*TASK PROMPT*: Set down the complete data exactly as it appears below.

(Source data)
*** Begin section ***

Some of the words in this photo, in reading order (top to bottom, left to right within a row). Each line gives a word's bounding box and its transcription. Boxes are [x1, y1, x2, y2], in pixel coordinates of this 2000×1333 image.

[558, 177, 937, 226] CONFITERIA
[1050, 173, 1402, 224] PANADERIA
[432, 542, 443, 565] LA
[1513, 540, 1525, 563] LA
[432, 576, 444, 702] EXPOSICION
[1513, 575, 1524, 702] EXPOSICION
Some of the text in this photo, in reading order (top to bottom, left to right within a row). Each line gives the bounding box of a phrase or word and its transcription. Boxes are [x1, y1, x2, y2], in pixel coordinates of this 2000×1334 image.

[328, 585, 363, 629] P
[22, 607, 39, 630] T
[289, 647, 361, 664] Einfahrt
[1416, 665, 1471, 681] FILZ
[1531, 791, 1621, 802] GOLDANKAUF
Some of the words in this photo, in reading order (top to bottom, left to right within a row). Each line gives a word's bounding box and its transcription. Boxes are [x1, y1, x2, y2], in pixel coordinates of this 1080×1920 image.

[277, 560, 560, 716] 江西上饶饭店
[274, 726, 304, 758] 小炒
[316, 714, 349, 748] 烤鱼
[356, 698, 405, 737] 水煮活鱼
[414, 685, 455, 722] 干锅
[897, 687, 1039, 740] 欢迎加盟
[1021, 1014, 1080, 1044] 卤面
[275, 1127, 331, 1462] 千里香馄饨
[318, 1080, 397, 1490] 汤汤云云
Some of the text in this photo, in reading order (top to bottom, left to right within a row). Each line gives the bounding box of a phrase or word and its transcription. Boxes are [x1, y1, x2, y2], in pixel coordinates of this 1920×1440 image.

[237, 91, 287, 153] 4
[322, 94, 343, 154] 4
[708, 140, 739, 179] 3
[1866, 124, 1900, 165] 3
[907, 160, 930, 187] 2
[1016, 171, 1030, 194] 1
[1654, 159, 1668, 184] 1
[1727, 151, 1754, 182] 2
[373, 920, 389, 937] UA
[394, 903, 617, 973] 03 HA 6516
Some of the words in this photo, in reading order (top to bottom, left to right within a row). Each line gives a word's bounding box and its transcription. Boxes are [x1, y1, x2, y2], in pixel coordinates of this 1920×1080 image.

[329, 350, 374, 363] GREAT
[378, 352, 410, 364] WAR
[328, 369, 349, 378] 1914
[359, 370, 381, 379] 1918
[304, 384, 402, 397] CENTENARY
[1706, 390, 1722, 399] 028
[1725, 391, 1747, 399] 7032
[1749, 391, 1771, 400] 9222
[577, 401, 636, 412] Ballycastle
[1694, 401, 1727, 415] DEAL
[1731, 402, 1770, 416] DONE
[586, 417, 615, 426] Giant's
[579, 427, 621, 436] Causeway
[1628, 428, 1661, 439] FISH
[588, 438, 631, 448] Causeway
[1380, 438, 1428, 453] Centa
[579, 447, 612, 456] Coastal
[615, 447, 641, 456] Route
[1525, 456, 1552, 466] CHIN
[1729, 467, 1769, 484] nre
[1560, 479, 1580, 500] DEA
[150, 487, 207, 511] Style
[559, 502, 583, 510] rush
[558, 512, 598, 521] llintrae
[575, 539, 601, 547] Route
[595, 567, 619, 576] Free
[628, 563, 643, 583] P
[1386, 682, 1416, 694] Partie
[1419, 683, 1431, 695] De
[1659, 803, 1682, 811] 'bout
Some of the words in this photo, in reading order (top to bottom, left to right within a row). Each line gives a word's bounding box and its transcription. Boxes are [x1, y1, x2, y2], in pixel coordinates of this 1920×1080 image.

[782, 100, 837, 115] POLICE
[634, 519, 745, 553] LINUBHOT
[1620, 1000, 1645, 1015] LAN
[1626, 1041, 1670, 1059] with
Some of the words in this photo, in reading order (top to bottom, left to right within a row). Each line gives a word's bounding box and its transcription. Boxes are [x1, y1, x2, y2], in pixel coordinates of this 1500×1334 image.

*** End section ***

*ANSWER FOR THE TASK*:
Some of the words in this photo, in reading order (top to bottom, left to right within a row). Each line gives a word's bounding box and its transcription. Boxes are [x1, y1, x2, y2], in pixel coordinates of this 2000×1333 image.

[558, 177, 937, 226] CONFITERIA
[1050, 173, 1402, 224] PANADERIA
[432, 542, 443, 565] LA
[1513, 540, 1525, 563] LA
[432, 576, 444, 702] EXPOSICION
[1513, 575, 1524, 702] EXPOSICION
Some of the text in this photo, in reading order (top to bottom, left to right within a row). Each line gives the bounding box of a phrase or word and its transcription. Boxes are [x1, y1, x2, y2], in pixel coordinates of this 2000×1334 image.

[328, 585, 363, 629] P
[22, 607, 39, 630] T
[289, 647, 361, 664] Einfahrt
[1416, 665, 1471, 681] FILZ
[1531, 791, 1621, 802] GOLDANKAUF
Some of the words in this photo, in reading order (top to bottom, left to right within a row). Each line gives a word's bounding box and its transcription. Boxes are [x1, y1, x2, y2], in pixel coordinates of this 1080×1920 image.

[277, 560, 560, 716] 江西上饶饭店
[274, 726, 304, 758] 小炒
[316, 714, 349, 748] 烤鱼
[356, 698, 405, 737] 水煮活鱼
[414, 685, 455, 722] 干锅
[897, 687, 1039, 740] 欢迎加盟
[1021, 1014, 1080, 1044] 卤面
[275, 1127, 331, 1462] 千里香馄饨
[318, 1080, 397, 1490] 汤汤云云
Some of the text in this photo, in reading order (top to bottom, left to right within a row). Each line gives the bounding box of a phrase or word and its transcription. Boxes are [x1, y1, x2, y2], in pixel coordinates of this 1920×1440 image.

[237, 91, 287, 153] 4
[322, 94, 343, 154] 4
[708, 140, 739, 179] 3
[1866, 124, 1900, 165] 3
[907, 160, 930, 187] 2
[1016, 171, 1030, 194] 1
[1654, 159, 1668, 184] 1
[1727, 151, 1754, 182] 2
[373, 920, 389, 937] UA
[394, 903, 617, 973] 03 HA 6516
Some of the words in this photo, in reading order (top to bottom, left to right within a row). Each line gives a word's bounding box and its transcription. Boxes are [x1, y1, x2, y2], in pixel coordinates of this 1920×1080 image.

[329, 350, 374, 363] GREAT
[378, 352, 410, 364] WAR
[328, 369, 349, 378] 1914
[359, 370, 381, 379] 1918
[304, 384, 402, 397] CENTENARY
[1706, 390, 1722, 399] 028
[1725, 391, 1747, 399] 7032
[1749, 391, 1771, 400] 9222
[577, 401, 636, 412] Ballycastle
[1694, 401, 1727, 415] DEAL
[1731, 402, 1770, 416] DONE
[586, 417, 615, 426] Giant's
[579, 427, 621, 436] Causeway
[1628, 428, 1661, 439] FISH
[588, 438, 631, 448] Causeway
[1380, 438, 1428, 453] Centa
[579, 447, 612, 456] Coastal
[615, 447, 641, 456] Route
[1525, 456, 1552, 466] CHIN
[1729, 467, 1769, 484] nre
[1560, 479, 1580, 500] DEA
[150, 487, 207, 511] Style
[559, 502, 583, 510] rush
[558, 512, 598, 521] llintrae
[575, 539, 601, 547] Route
[595, 567, 619, 576] Free
[628, 563, 643, 583] P
[1386, 682, 1416, 694] Partie
[1419, 683, 1431, 695] De
[1659, 803, 1682, 811] 'bout
Some of the words in this photo, in reading order (top to bottom, left to right within a row). Each line gives a word's bounding box and its transcription. Boxes are [x1, y1, x2, y2], in pixel coordinates of this 1920×1080 image.

[782, 100, 837, 115] POLICE
[634, 519, 745, 553] LINUBHOT
[1620, 1000, 1645, 1015] LAN
[1626, 1041, 1670, 1059] with
Some of the words in this photo, in reading order (top to bottom, left to right within a row). Each line gives a word's bounding box and its transcription. Boxes are [x1, y1, x2, y2], in pixel coordinates of this 1500×1334 image.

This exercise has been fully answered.